DHCP server running on an outside network

A rogue DHCP server is a DHCP server on a network which is not under the administrative control of the network staff. It is a network device such as a modem or a router connected to the network by a user who may be either unaware of the consequences of their actions or may be knowingly using it for network attacks such as man in the middle. Some kind of computer viruses or malicious software have been found to set up a rogue DHCP, especially for those classified in the category.
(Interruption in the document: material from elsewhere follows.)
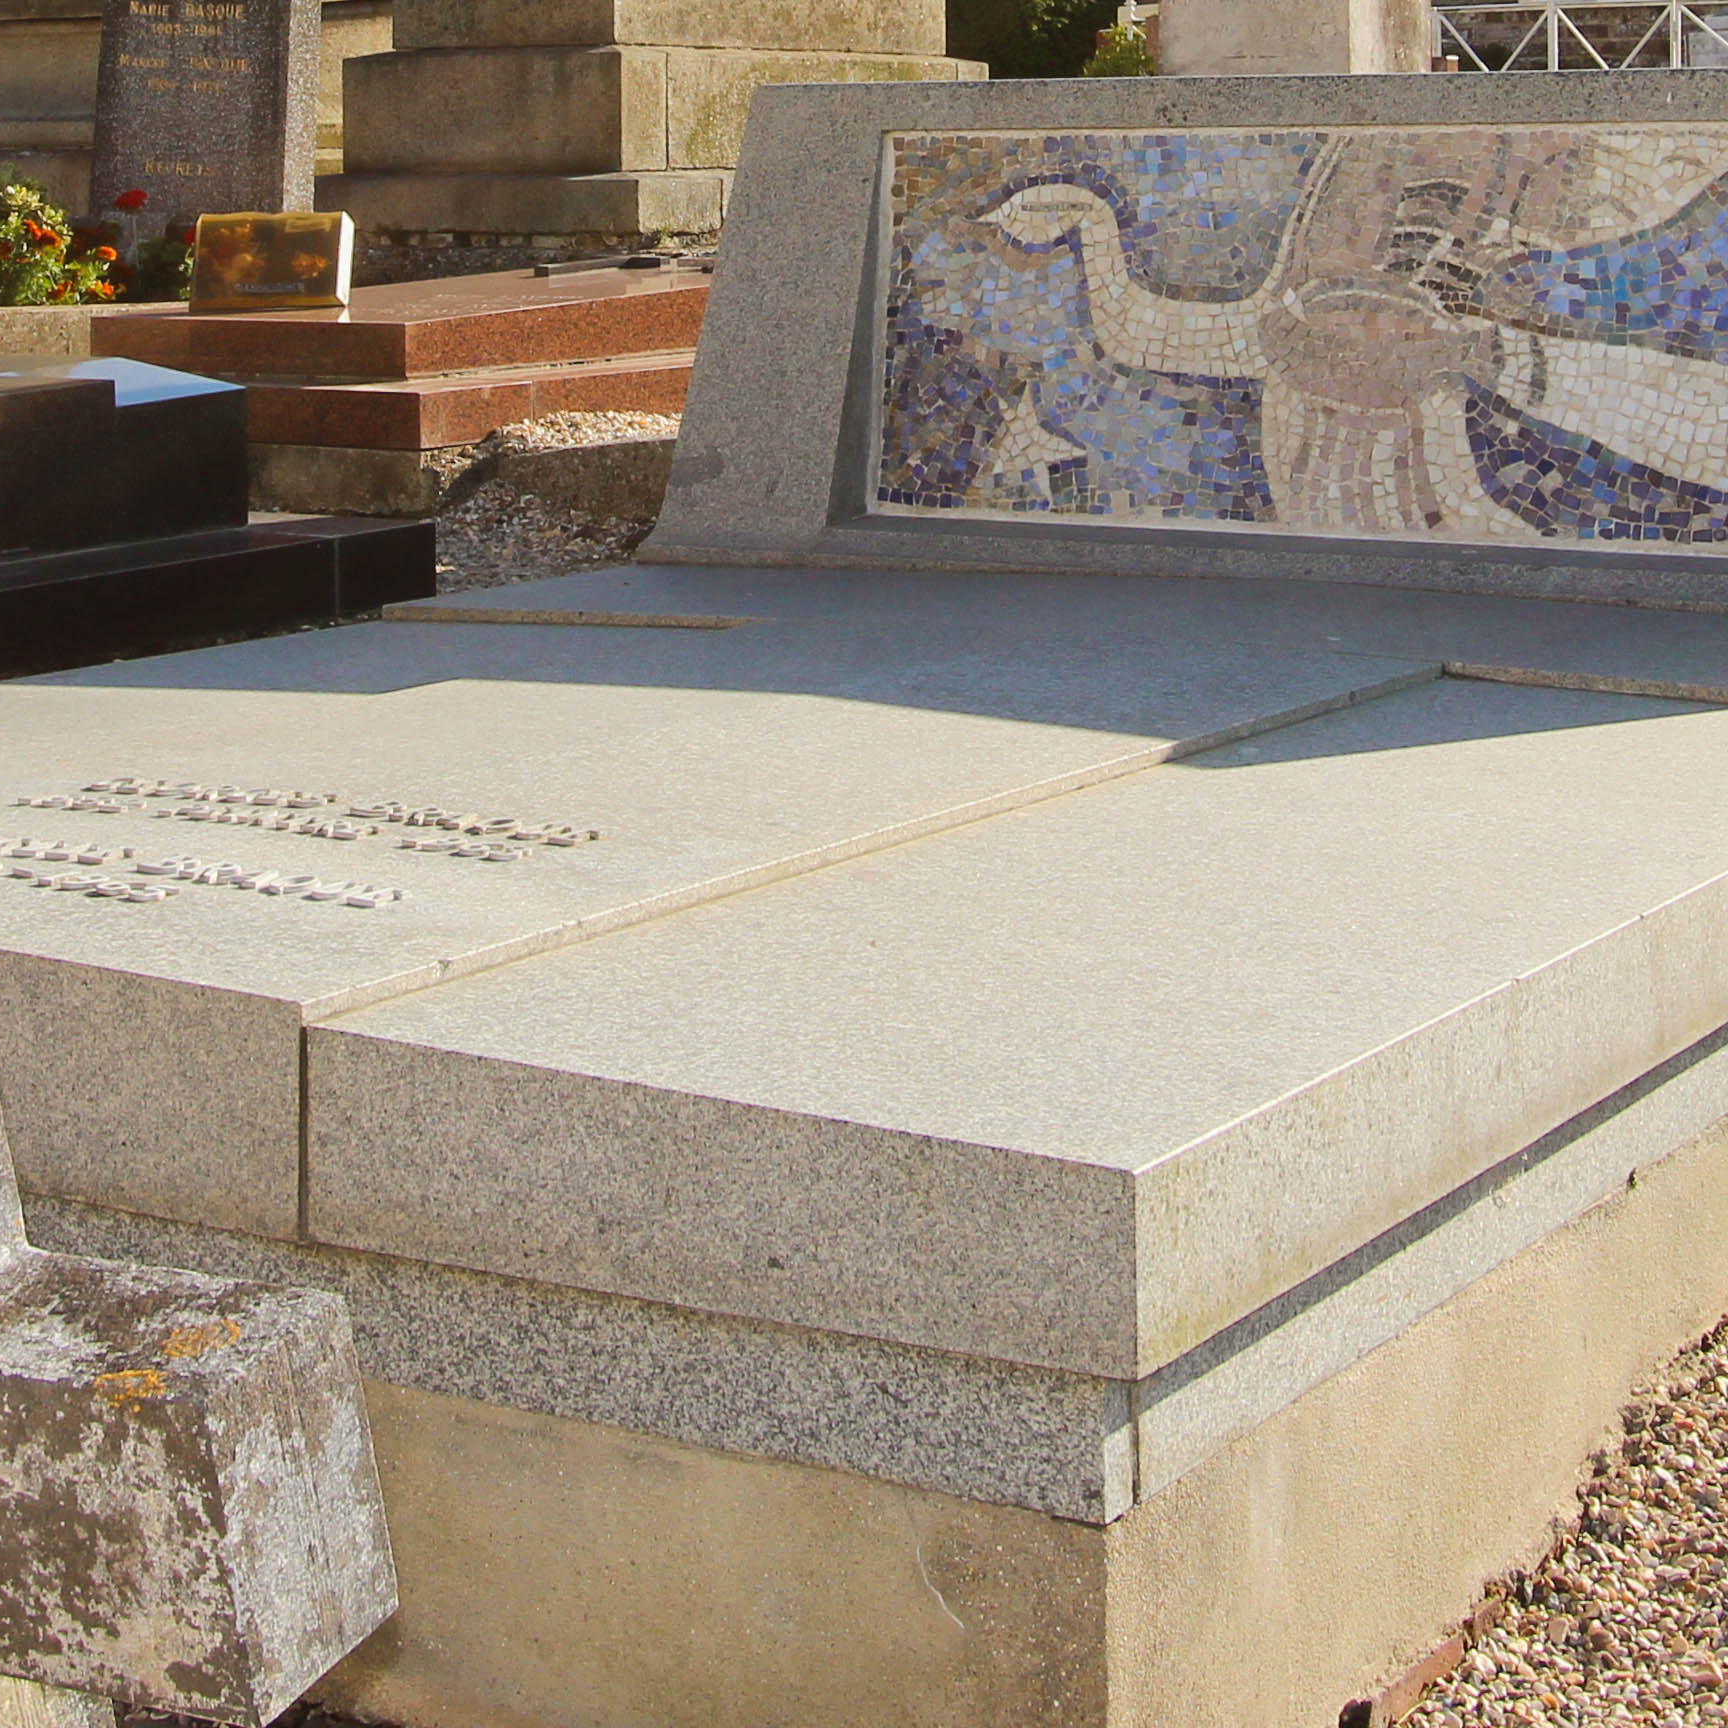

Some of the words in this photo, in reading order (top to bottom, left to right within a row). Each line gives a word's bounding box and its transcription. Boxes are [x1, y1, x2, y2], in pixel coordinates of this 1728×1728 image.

As clients connect to the network, both the rogue and legal DHCP server will offer them IP addresses as well as default gateway, DNS servers, WINS servers, among others. If the information provided by the rogue DHCP differs from the real one, clients accepting IP addresses from it may experience network access problems, including speed issues as well as inability to reach other hosts because of incorrect IP network or gateway. In addition, if a rogue DHCP is set to provide as default gateway an IP address of a machine controlled by a misbehaving user, it can sniff all the traffic sent by the clients to other networks, violating network security policies as well as user privacy (see man in the middle). VMware or virtual machine software can also act as a rogue DHCP server inadvertently when being run on a client machine joined to a network. The VMware will act as a rogue DHCP server handing out random IP addresses to the clients around it on the network. The result can be that large portions of the network are then cut off from both the Internet and the rest of the domain without any access at all.

== Mitigation ==
Rogue DHCP servers can be stopped by means of intrusion detection systems with appropriate signatures, as well as by some multilayer switches, which can be configured to drop the packets. One of the most common methods to deal with rogue DHCP servers is called DHCP snooping, which drops DHCP messages from untrusted DHCP servers.